One could wax endlessly about Klein Constantia’s Vin de Constance in its beautiful pack etching, reminiscent of its past glory but there are far more fine wines in its stable.

Under Ross Gower Klein Constantia made a fine Sauvignon Blanc. A combination of power and elegance. I have tasting notes for the 1996. Pale gold in colour, grassy, herbaceous on the nose. Together with asparagus. Nice acidity and balance. The 1997 was a fine Sauvignon Blanc. The 1998 was one of my favourites. It was a bit atypical for a Ross Gower Klein Constantia Sauvignon Blanc. Very fruity and luscious and open but with a back bone of acidity holding it together.  I purchased a magnum I liked the wine so much and drank it on a New Year’s Eve. The 1999 was more restrained. With green nettles and a higher acidity. 

Ross Gower made a fine Rhine Riesling in a off dry style. The extra sugar softened the palate but their was a still a residual acidity which have it a long maturation potential of at least ten years. I tasted many of the Rieslings but I particularly liked the 1995 and the 1997. The 1998 I particularly enjoyed. I have already written how I was particularly impressed with it at one of my birthdays.

I wrote tasted July 2007. Good colour, youthful. Lovely nose (candy peel) . Elegant but intense. Will develop further.

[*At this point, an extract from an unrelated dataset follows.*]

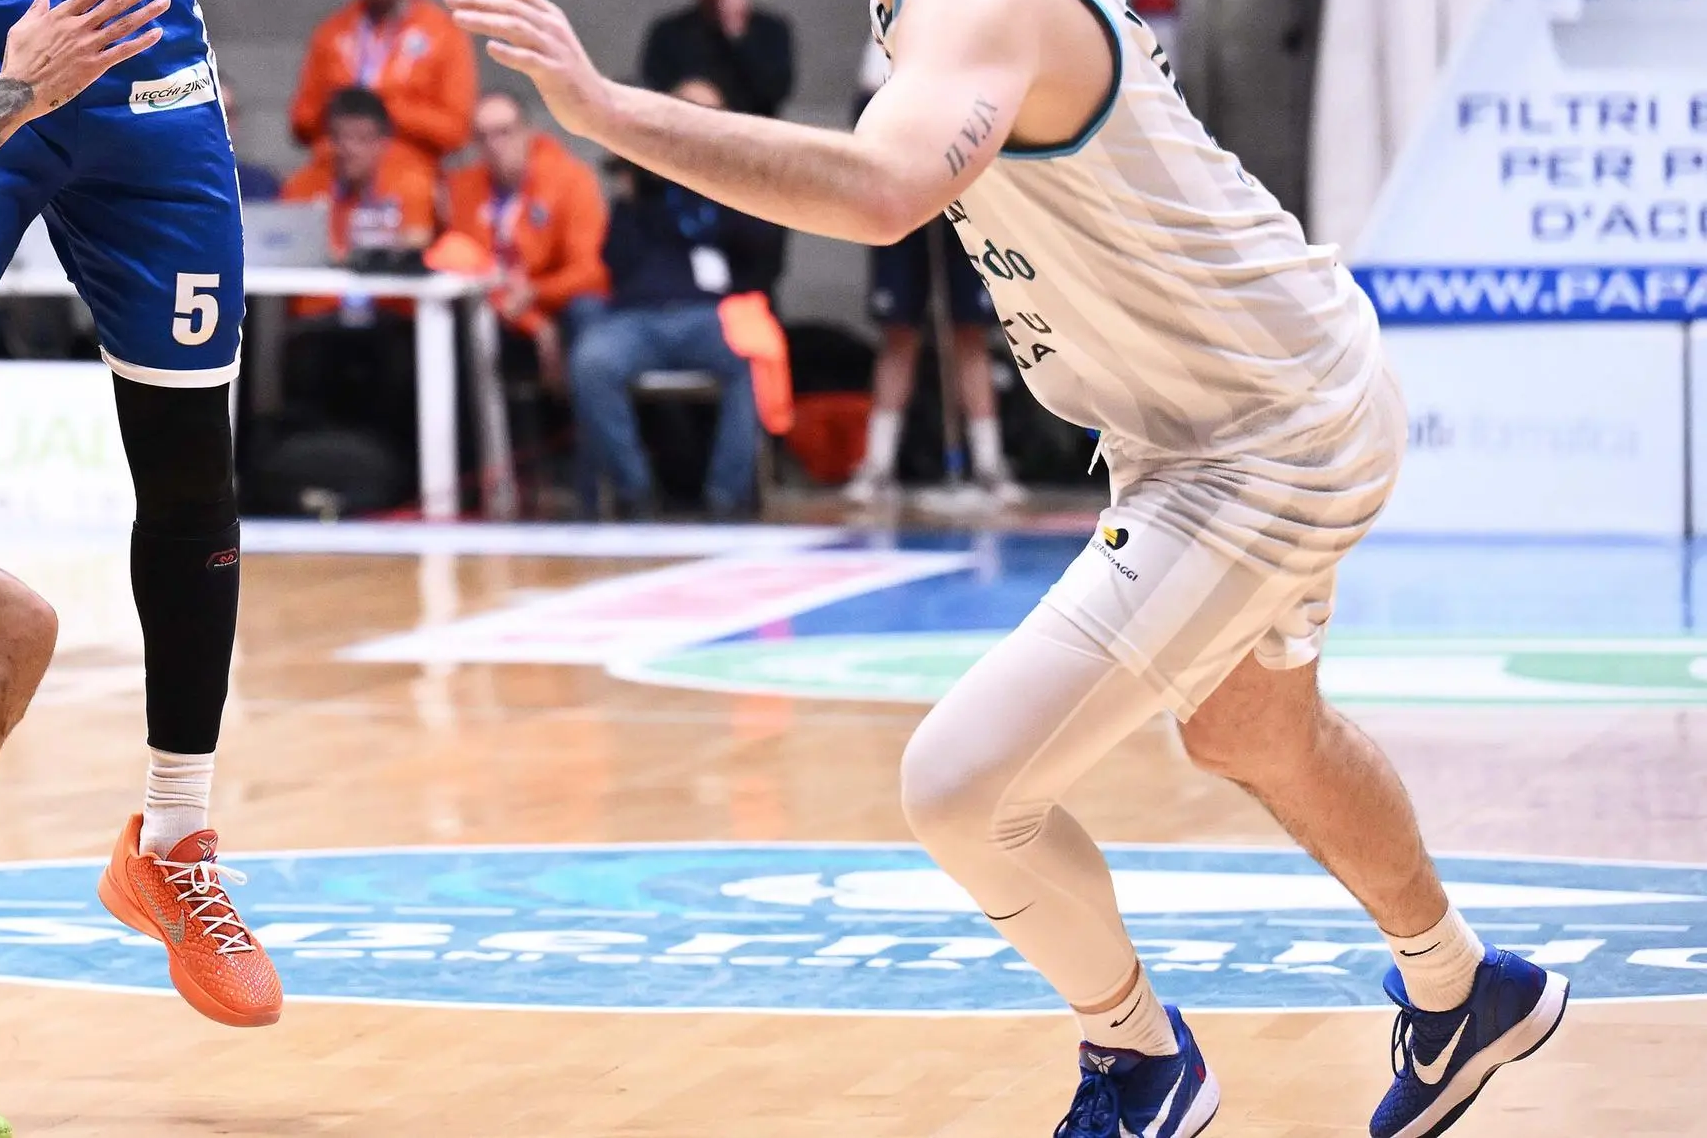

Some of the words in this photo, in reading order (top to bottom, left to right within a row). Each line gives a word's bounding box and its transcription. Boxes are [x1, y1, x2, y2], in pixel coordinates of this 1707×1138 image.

Recently 2020-09-25 I drank with Jonathan a superb bottle of Klein Constantia 2006 Rhine Riesling Noble Late Harvest. For a 14 year old wine it was at its peak. Copper in colour very rich but not cloying with the acidity of the Riesling giving it back bone. Its alc. Was only 9%.  

Ross Gower also made fine Cabernet Sauvignon. But my personal feeling is that their whites are superior to their reds. His 1995 was excellent. I purchased it from the estate. A second bottle was a dud. It was not oxidised or corked it was just flat.

So I went back to Klein Constantia and spoke to Ross Gower about the wine.

“Come” he said, and he took me into the cellar. He gave me another bottle of the Cabernet Sauvignon 1995 and also a 1986 Rhine Riesling which I have still kept. 1986 was the maiden vintage for Klein Constantia.

Ross Gower was not only a genius wine maker but was also very generous. At one time I wrote a lot about Klein Constantia. At the end of year he once gave me a press box of all the wines that Klein Constantia produced.